Écoles privées juives

L'idylle entre la Commission scolaire Marguerite-Bourgeoys et les écoles privées juives aura été de courte durée. Alors que le premier ministre niait tout lien entre la décision de financer des écoles juives à 100 % et les généreuses contributions de la communauté juive à la caisse électorale de son parti, le conseil des commissaires de Marguerite-Bourgeoys revenait sur leur association à cinq écoles privées juives.
Dans une résolution, adoptée hier soir par trois voix de majorité, la Commission scolaire a décidé de ne pas reconduire en septembre prochain l'entente d'association signée le mois dernier avec cinq écoles juives.
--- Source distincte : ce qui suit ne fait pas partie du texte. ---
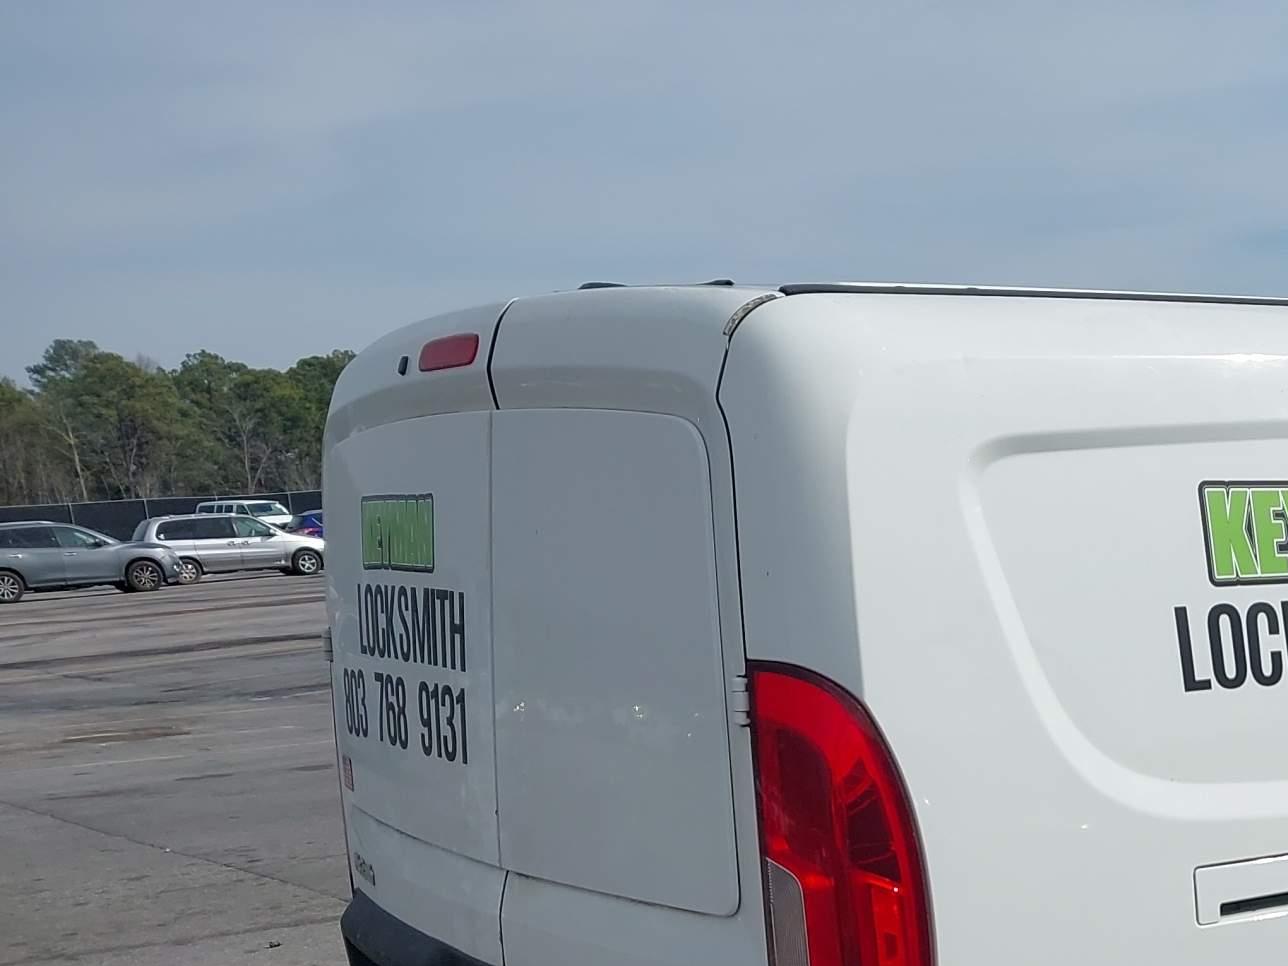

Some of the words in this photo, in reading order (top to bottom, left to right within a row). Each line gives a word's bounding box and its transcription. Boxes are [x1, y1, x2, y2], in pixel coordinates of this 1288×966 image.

[357, 583, 467, 673] LOCKSMITH
[343, 667, 369, 739] 803
[374, 671, 409, 750] 768
[418, 680, 468, 765] 9131
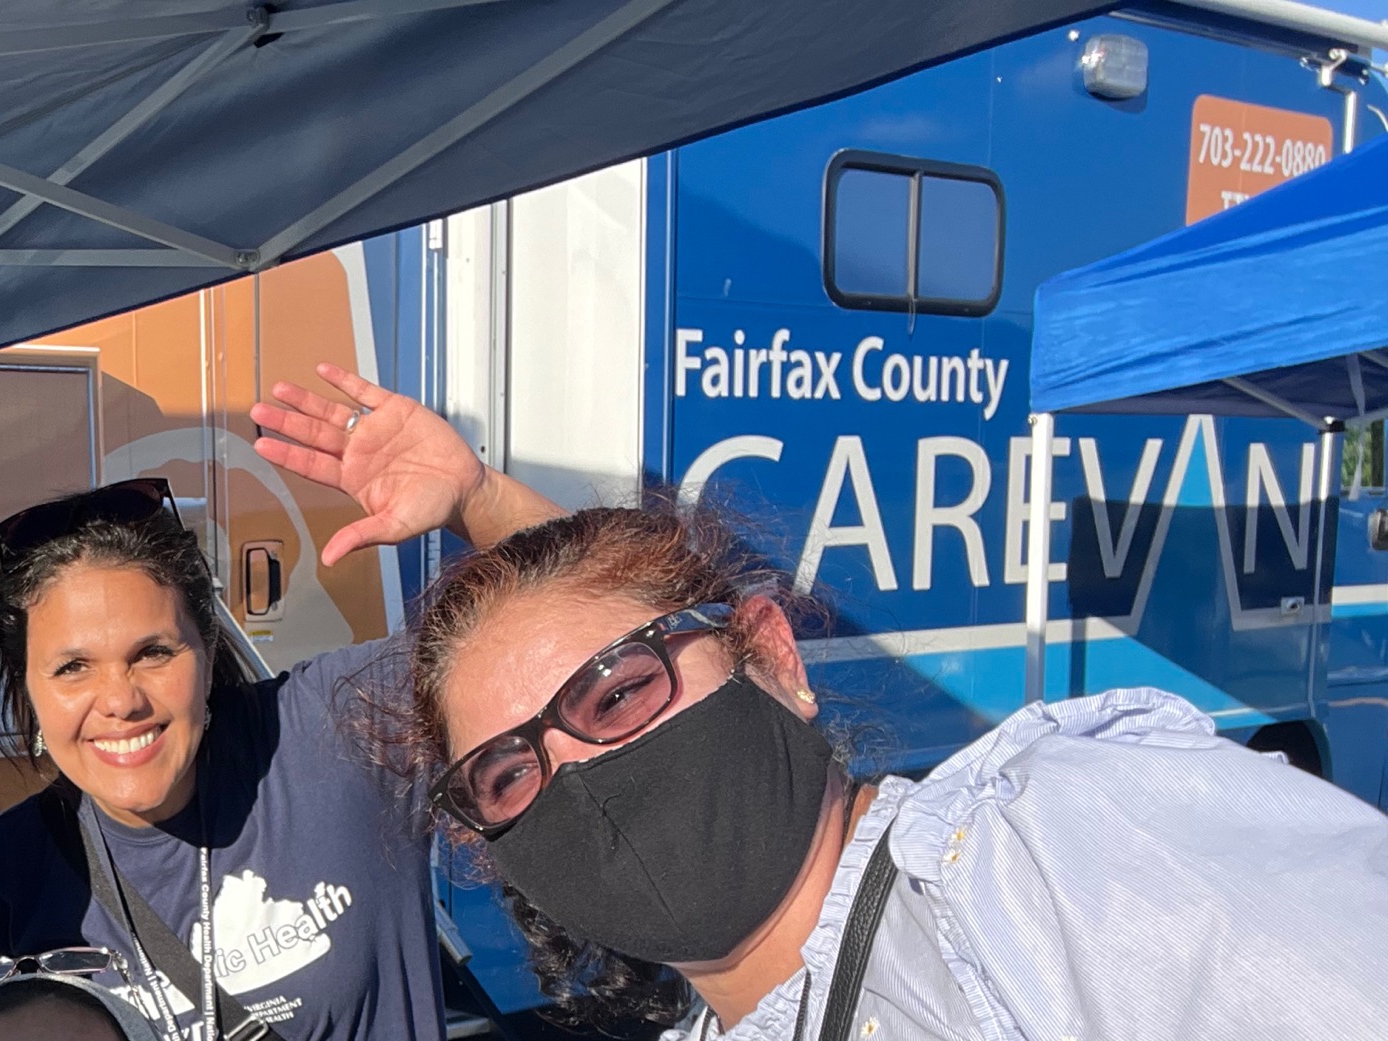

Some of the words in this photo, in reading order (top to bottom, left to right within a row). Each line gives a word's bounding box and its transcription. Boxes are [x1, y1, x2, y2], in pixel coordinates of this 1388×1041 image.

La volte-face de Marguerite-Bourgeoys ne sonne cependant pas le glas des contrats d'association qui permettent aux écoles juives d'être financées au même niveau que les écoles publiques puisque la Commission scolaire Lester-B.-Pearson est sur le point de conclure au moins deux autres ententes. Au total, ce sont 15 écoles qui sont susceptibles de bénéficier de tels avantages, ce qui signifierait un débours additionnel d'environ 10 millions pour le gouvernement.
Et ce n'est pas fini. «Il faut intervenir à l'échelle provinciale pour convaincre le gouvernement de stopper cette pratique», a fait valoir la présidente du Comité central de parents de Marguerite-Bourgeoys, Danielle Houle, qui a suggéré aux commissaires de renverser leur décision lors de la période de questions réservée au public.
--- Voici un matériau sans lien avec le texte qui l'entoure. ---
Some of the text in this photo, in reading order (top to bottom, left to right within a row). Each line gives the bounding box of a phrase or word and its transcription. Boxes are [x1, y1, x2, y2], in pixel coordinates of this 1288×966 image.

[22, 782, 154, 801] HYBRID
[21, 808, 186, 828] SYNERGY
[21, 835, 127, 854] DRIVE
Sa proposition a été inscrite à l'ordre du jour par la commissaire Nicole Pichette, irritée au plus haut point par ce financement à des écoles religieuses au moment même où le système public marche vers sa déconfessionnalisation. «C'était aller à l'encontre de notre propre système public, sous le couvert d'encourager les relations interculturelles», a dénoncé Mme Pichette.
Pas un retour d'ascenseur
Plus tôt dans la journée, le premier ministre a tenté de corriger la perception assimilant sa décision à un retour d'ascenseur. «Il n'y a aucun lien entre le financement politique et la décision qu'a prise le gouvernement du Québec», a déclaré M. Charest au cours d'un point de presse impromptu, convoqué moins d'une heure après que le chef de l'opposition officielle l'ait sommé de s'expliquer.
Le premier ministre a également démenti l'information publiée hier dans La Presse voulant qu'un événement-bénéfice tenu en novembre dans la communauté juive ait permis d'engranger 750 000 $ dans les coffres du Parti libéral du Québec, quelques semaines avant que le ministre de l'Éducation prenne officiellement sa décision controversée.
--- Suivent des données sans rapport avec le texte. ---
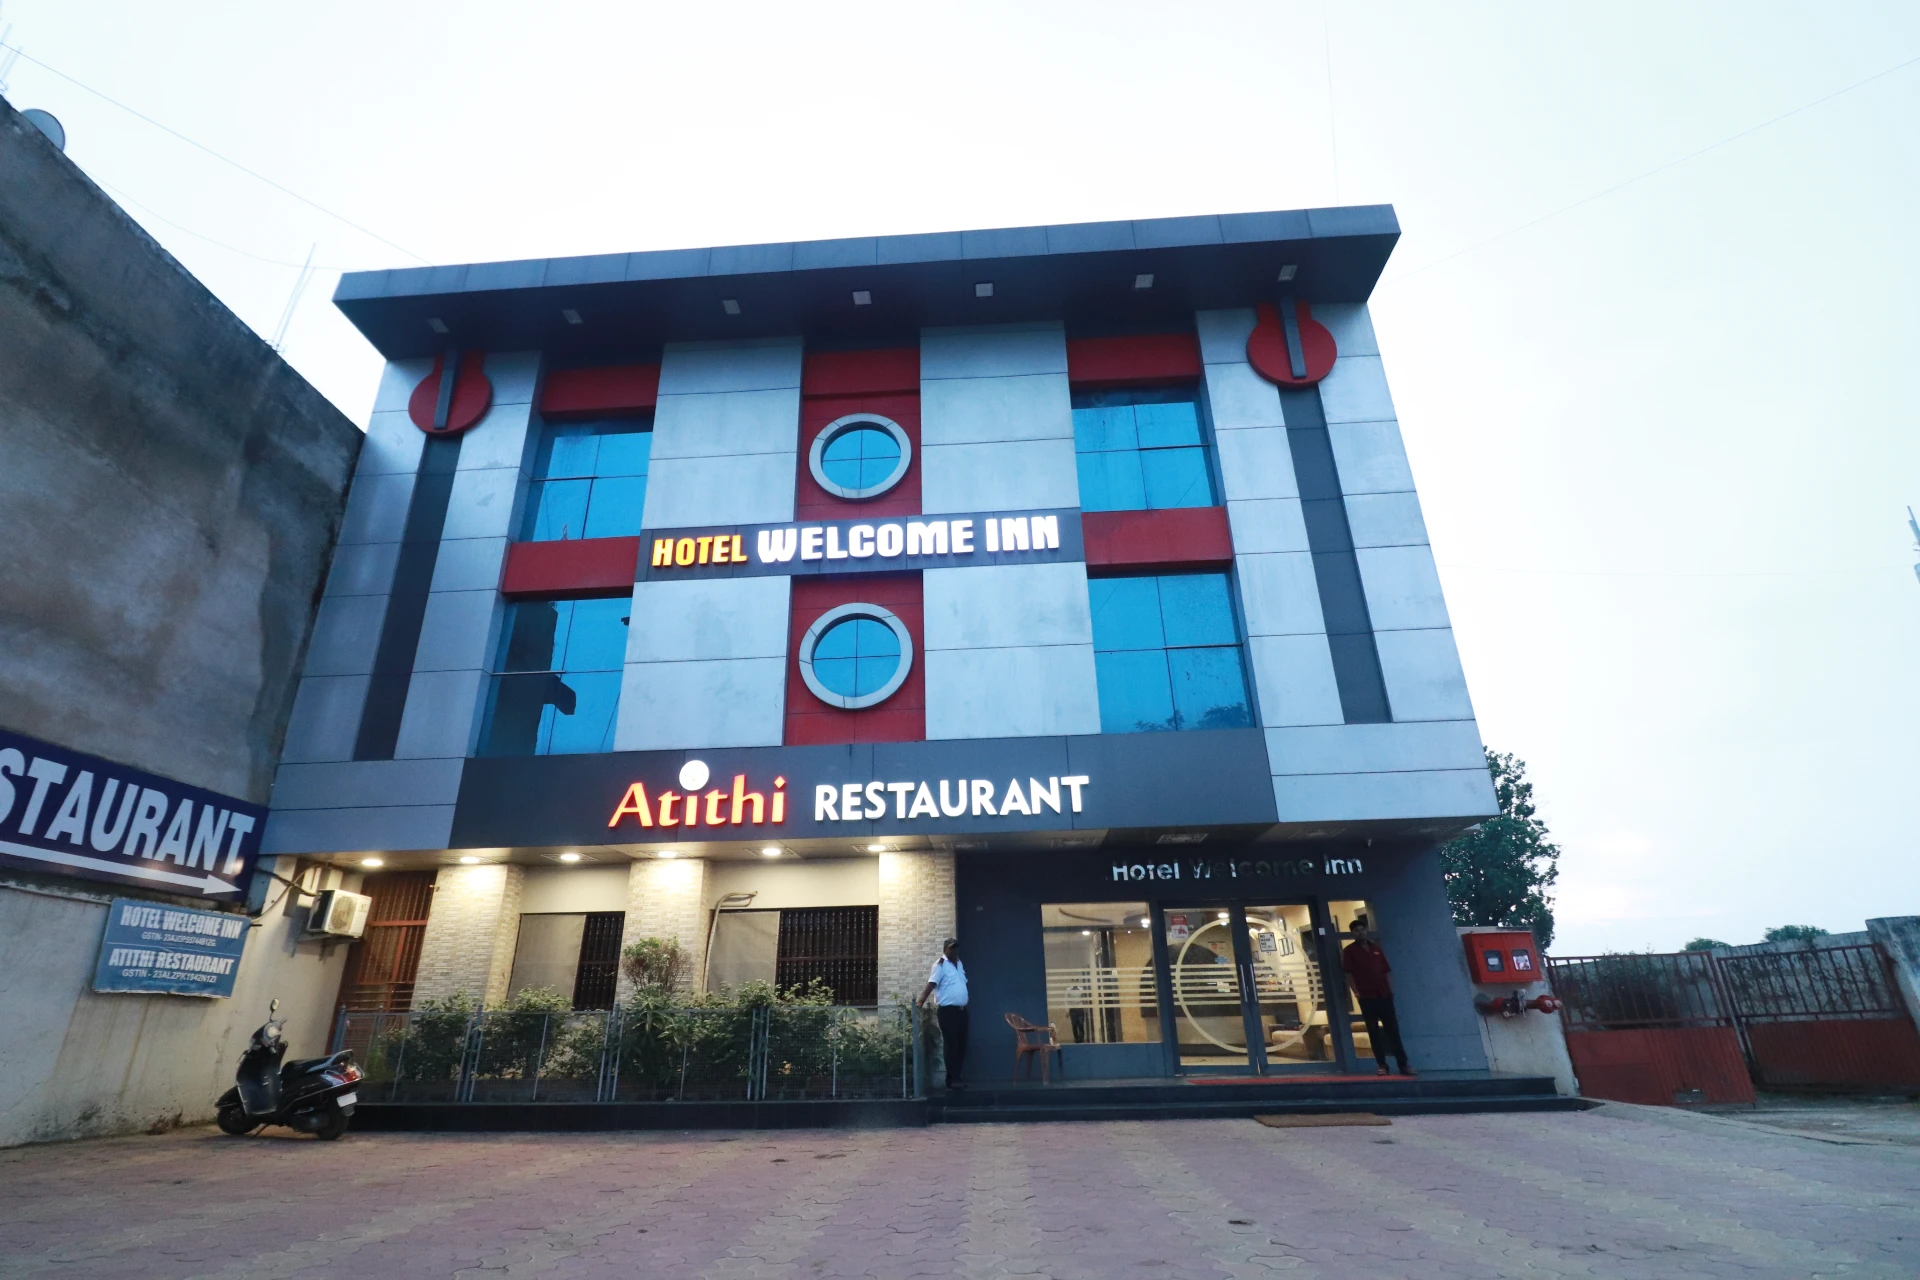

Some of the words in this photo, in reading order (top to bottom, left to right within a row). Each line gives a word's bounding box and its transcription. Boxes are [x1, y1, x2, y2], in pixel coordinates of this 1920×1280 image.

Ce fait d'armes du ministre du Revenu, Lawrence Bergman, lui aurait valu les félicitations du premier ministre lors d'une réunion du caucus libéral. «M. Bergman, je l'ai félicité parce qu'il a participé à plusieurs activités pendant l'année; c'est pour l'ensemble de son travail que je l'ai félicité. Mais il n'y a pas eu une activité de financement pour ce montant-là», a précisé Jean Charest.
De son côté, M. Bergman a refusé de discuter de l'état des collectes de fonds au sein de la communauté juive. Son association de comté a néanmoins tenu le 22 novembre un souper-bénéfice auprès de membres de la communauté juive qui a permis de récolter 69 500 $, soit un des montants les plus importants recueillis au cours d'un tel événement.
La Fédération CJA, qui a notamment approché le gouvernement pour réclamer le statut d'école associée pour les écoles juives, a par ailleurs diffusé un communiqué de presse laconique hier précisant qu'elle ne «contribue ni au financement ni à la promotion d'aucun parti politique».
Les rapports déposés auprès du Directeur général des élections montrent cependant que l'ancien président de l'organisme, Steven Cummings - nommé l'an dernier au conseil d'administration de la Caisse de dépôt -, et l'actuel président, Sylvain Abitbol, ont contribué respectivement à hauteur de 12 000 $ et 10 000 $ depuis quatre ans au financement du Parti libéral, ce qui correspond au maximum autorisé par la loi (à l'exception d'une contribution de 1000 $ en 2002 dans le cas de M. Abitbol). Personne n'était disponible pour répondre aux questions du Devoir à la Fédération CJA.
Le PQ demande la démission de Reid
Le chef de l'opposition officielle, Bernard Landry, a sommé le gouvernement de revenir sur sa décision et suggéré «fraternellement à la communauté juive de demander au gouvernement de rappeler sa décision», qualifiant celle-ci de «grossière régression» dans le «grand mouvement de laïcisation» du système d'éducation.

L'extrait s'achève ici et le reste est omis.